Major: Nursing
Lynchburg’s nursing program equipped Brittany Hayden ’22 with the knowledge and critical thinking skills needed to be a nurse. It was her professors, however, who helped her discover how to love her profession, even in the midst of patients’ suffering.
“I had an amazing group of professors with different backgrounds in their nursing careers,” she said. “My preceptor for clinical my junior year really helped me decide what kind of nurse I wanted to be.
“She was knowledgeable, caring, and compassionate. She was with me while I was on the oncology floor, and I just felt drawn to that floor and those types of patients.”
As a chemo and medical surgery nurse at Centra Lynchburg General Hospital, many of Hayden’s daily responsibilities are routine: monitoring vitals, giving medications, changing dressings, and starting IVs.
The tough part? “I work with people with all stages of cancer,” she said. “I help provide emotional support to them while navigating their disease or going through treatment.
“I deal with a lot of compassion fatigue due to the fact that cancer doesn’t discriminate. It doesn’t care if you are 16 and just getting started with your life or a new mother. It can be heartbreaking to watch a family navigate this terrible disease.”

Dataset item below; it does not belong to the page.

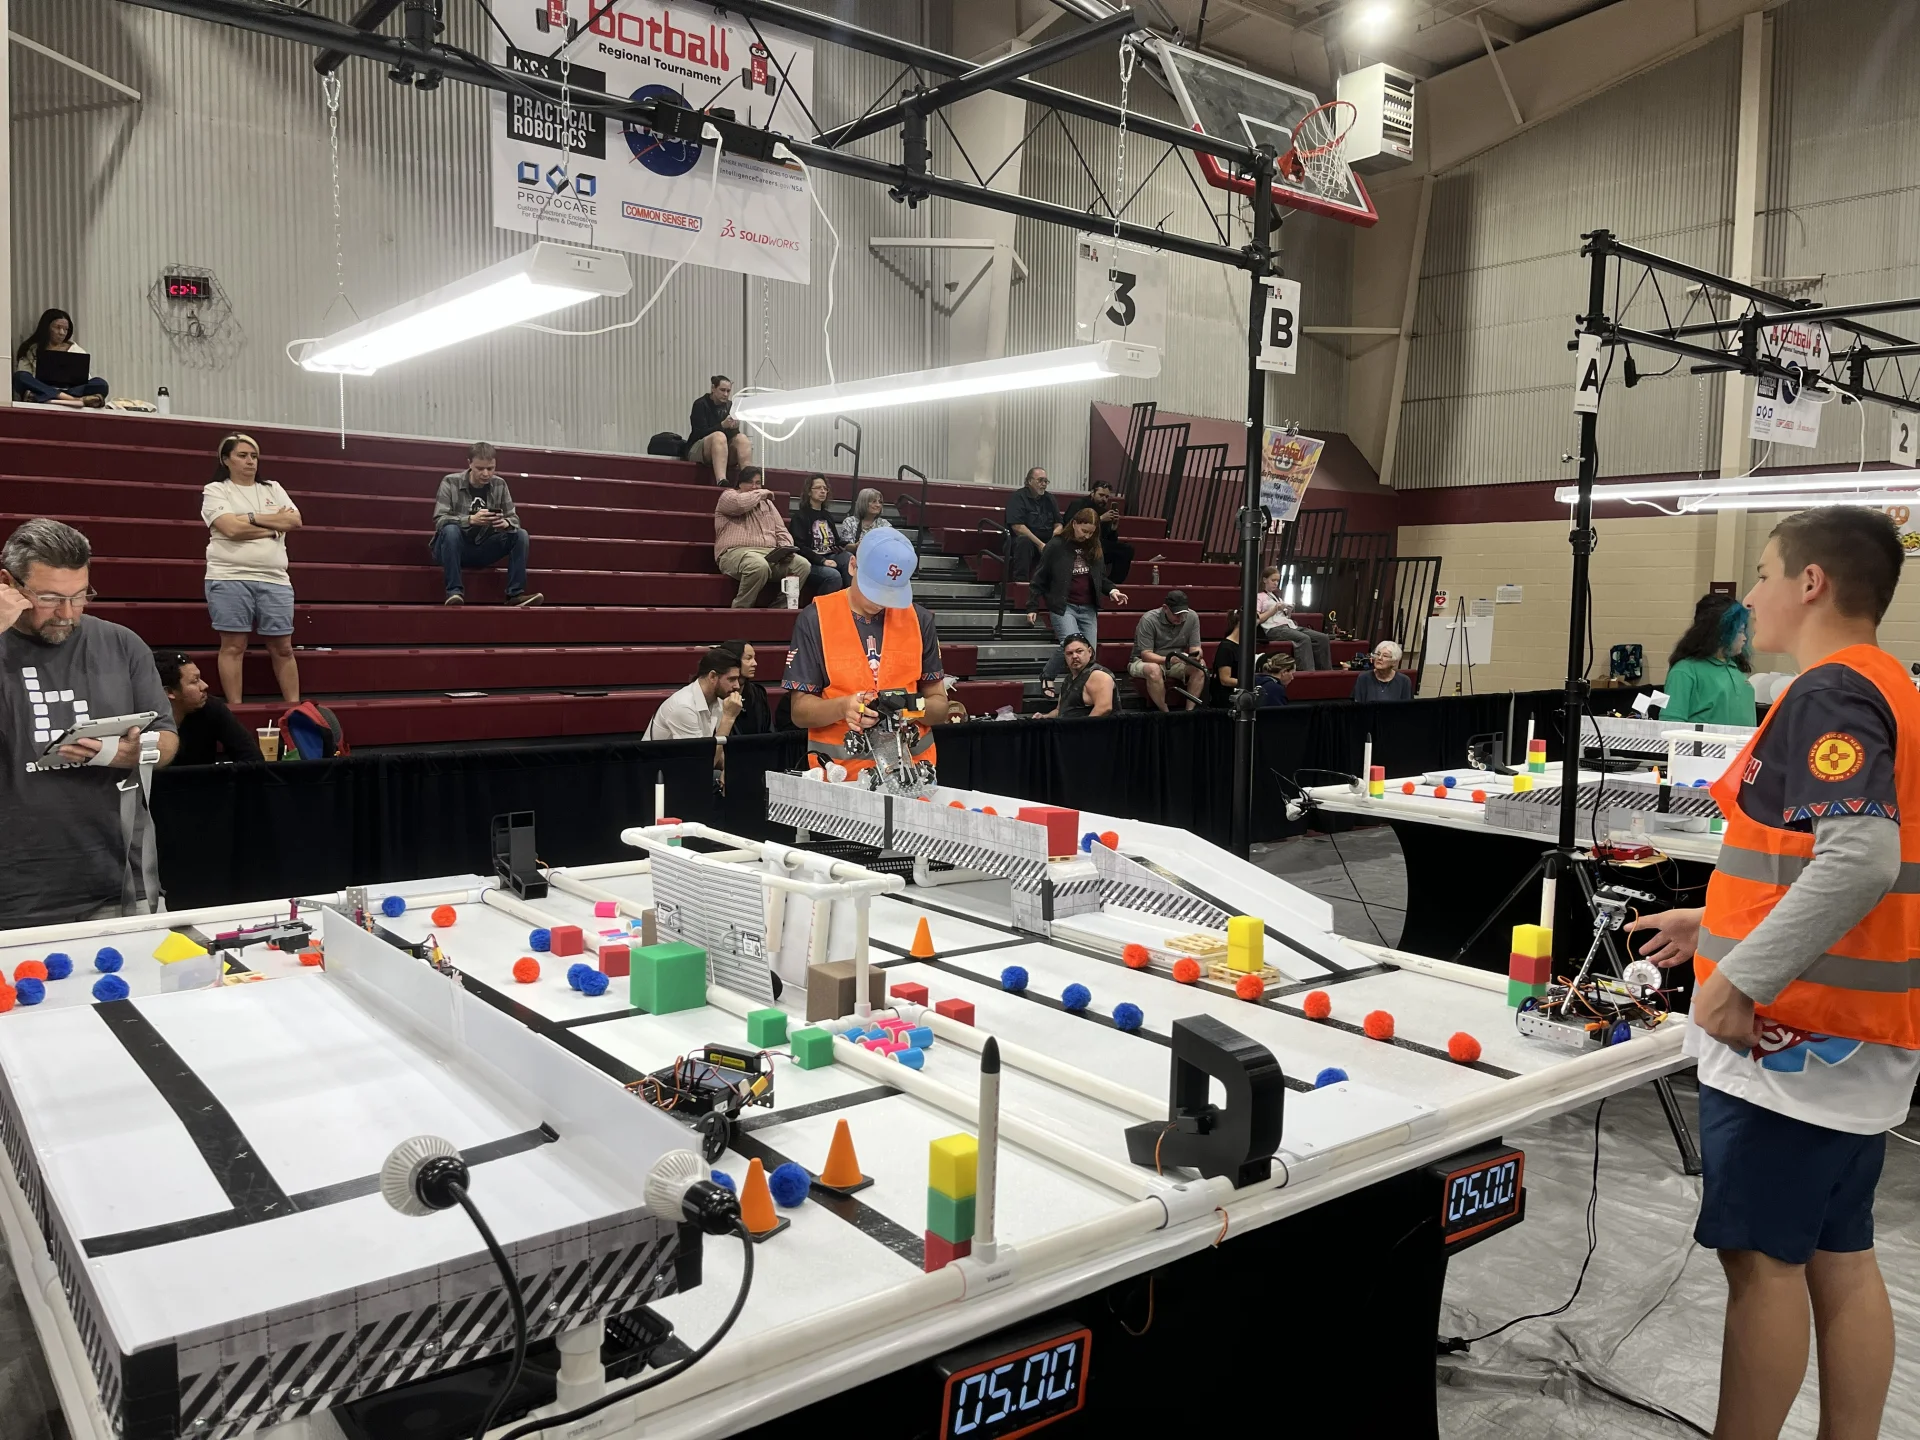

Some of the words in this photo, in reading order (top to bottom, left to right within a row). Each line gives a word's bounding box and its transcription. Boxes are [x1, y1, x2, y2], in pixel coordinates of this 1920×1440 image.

So why would Hayden choose to be in a setting that’s so challenging, where she experiences loss or at least witnesses patients enduring some degree of suffering?
“It’s both an honor and a privilege to take care of such a unique population of people,” she said. “They are some of the strongest people you will ever meet. Anything I can do to help ease their pain and suffering is an amazing thing.”
In addition to helping her patients, Hayden is now a preceptor as well, passing on her experience and expertise in the field to future nurses.